Chapter 194 - A Day in the Afterlife | Gunmaze: Desperation Game

Clip that shit

“Shit!” Nuke yelled and dove in front of Gradie, turtling as she fell. Her solid pillar body landed on the carpet like a steel beam dropped from a crane and Gradie pressed himself into the floor next to her.

“I thought you said they wouldn’t shoot the windows!” She yelled. Gradie wasn’t sure if she meant him or Nova, but luckily Nova answered.

“Yall are too close for that now! Sit tight!”

“Fuck that,” Nuke said on their private channel. “Hey, I like your plan, but looks like the sneaking is a no go. Wish me luck!”

She de-turtled and started to stand up.

“Wait!” Gradie pushed her down as the MG raked over them. She turtled again and the rounds bounced off her.

“Sorry! Guess we’re stuck here!”

Gradie’s mind had now completely shaken off the confines of its Hardworld and Philip centric thought process, and a plan emerged that would have offended both of them.

“I’m gonna draw their fire!”

“What?”

He decided that showing her would be faster than trying to explain, and now that the thought had entered his mind, he had to act on it, before the fear of spiritual pain caught up with him. Somewhere in his thoughts a memory jostled free, of summer mornings standing in front of the lap pool, trying to get the nerve to get in at the start of practice, and the eventual understanding that a straight dive was the best way to do it, the cold grazing his skin and falling away under the onslaught of his first sprint.

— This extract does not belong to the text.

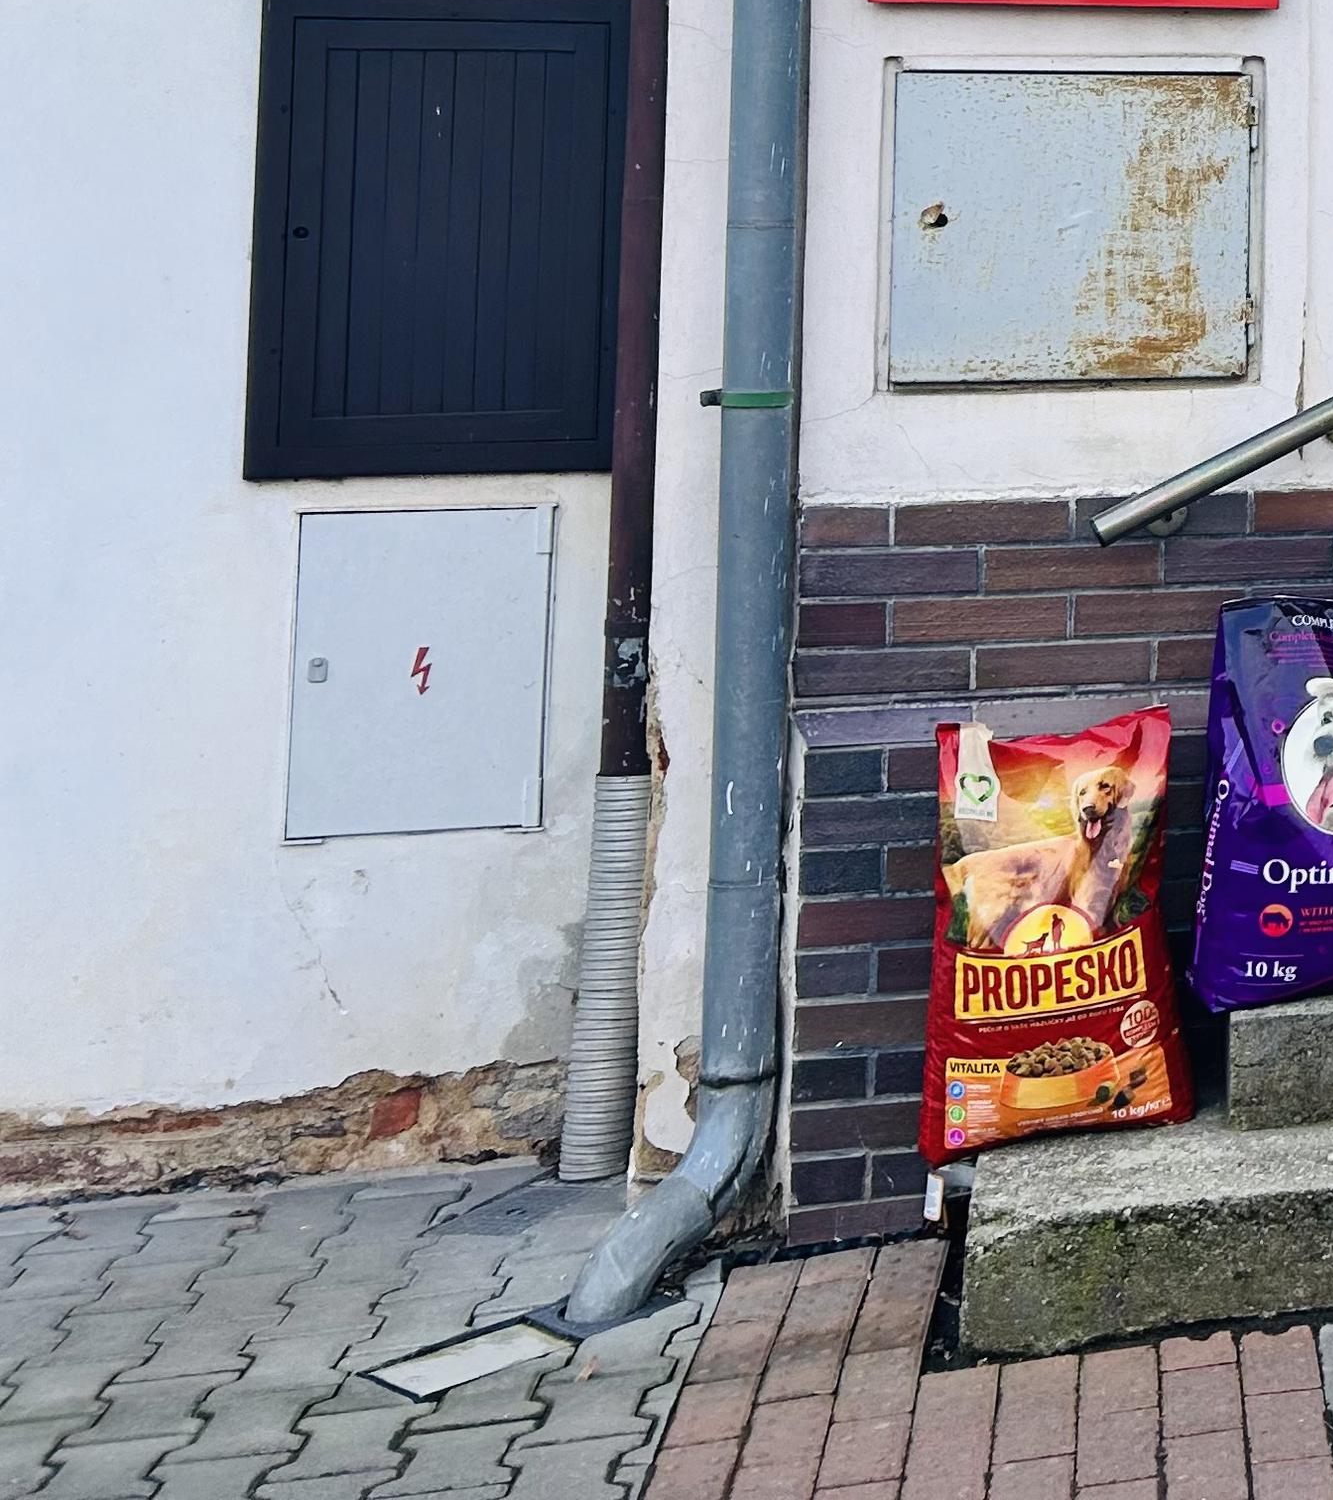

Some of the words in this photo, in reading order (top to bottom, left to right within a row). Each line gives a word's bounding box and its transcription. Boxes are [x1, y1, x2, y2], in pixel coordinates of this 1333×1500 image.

He activated the jump suit and bolted across the kitchen, back towards the living room.

Immediately, the MG erupted in the walls, but then, strangely, the noise faded behind him and went silent. For a few panicked strides, he feared they hadn’t taken the bait, but then the wall in the living room erupted and rounds danced around him, and he realized his plan had been smarter than he was.

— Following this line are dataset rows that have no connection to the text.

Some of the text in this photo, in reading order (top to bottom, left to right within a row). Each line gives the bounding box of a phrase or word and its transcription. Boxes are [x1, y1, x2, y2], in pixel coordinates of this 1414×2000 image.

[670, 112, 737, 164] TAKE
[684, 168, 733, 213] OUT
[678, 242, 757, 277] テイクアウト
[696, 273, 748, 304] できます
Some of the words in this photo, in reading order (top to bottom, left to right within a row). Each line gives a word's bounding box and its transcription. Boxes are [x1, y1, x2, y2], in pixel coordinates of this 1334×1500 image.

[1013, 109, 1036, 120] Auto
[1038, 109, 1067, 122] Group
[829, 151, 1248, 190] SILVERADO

The MG position had multiple gun slits cut in it to allow it to shoot anyone at any place in the building, but now that he was right in front of them, the MG had to transition from gunslit to gunslit to chase him as he ran perpendicular to their line of fire, and they couldn’t move fast enough. He made it clear across the living space unscathed and started laughing like an idiot at his own cleverness, until the flaw in his plan revealed itself.

The other MG, positioned exactly to cover such weaknesses in its twin, opened fire as he stepped into the other half of the penthouse, a kind of art gallery space with a skylight in the tall ceiling and a theater sized screen on one wall, which now exploded in a stream of rounds and glass.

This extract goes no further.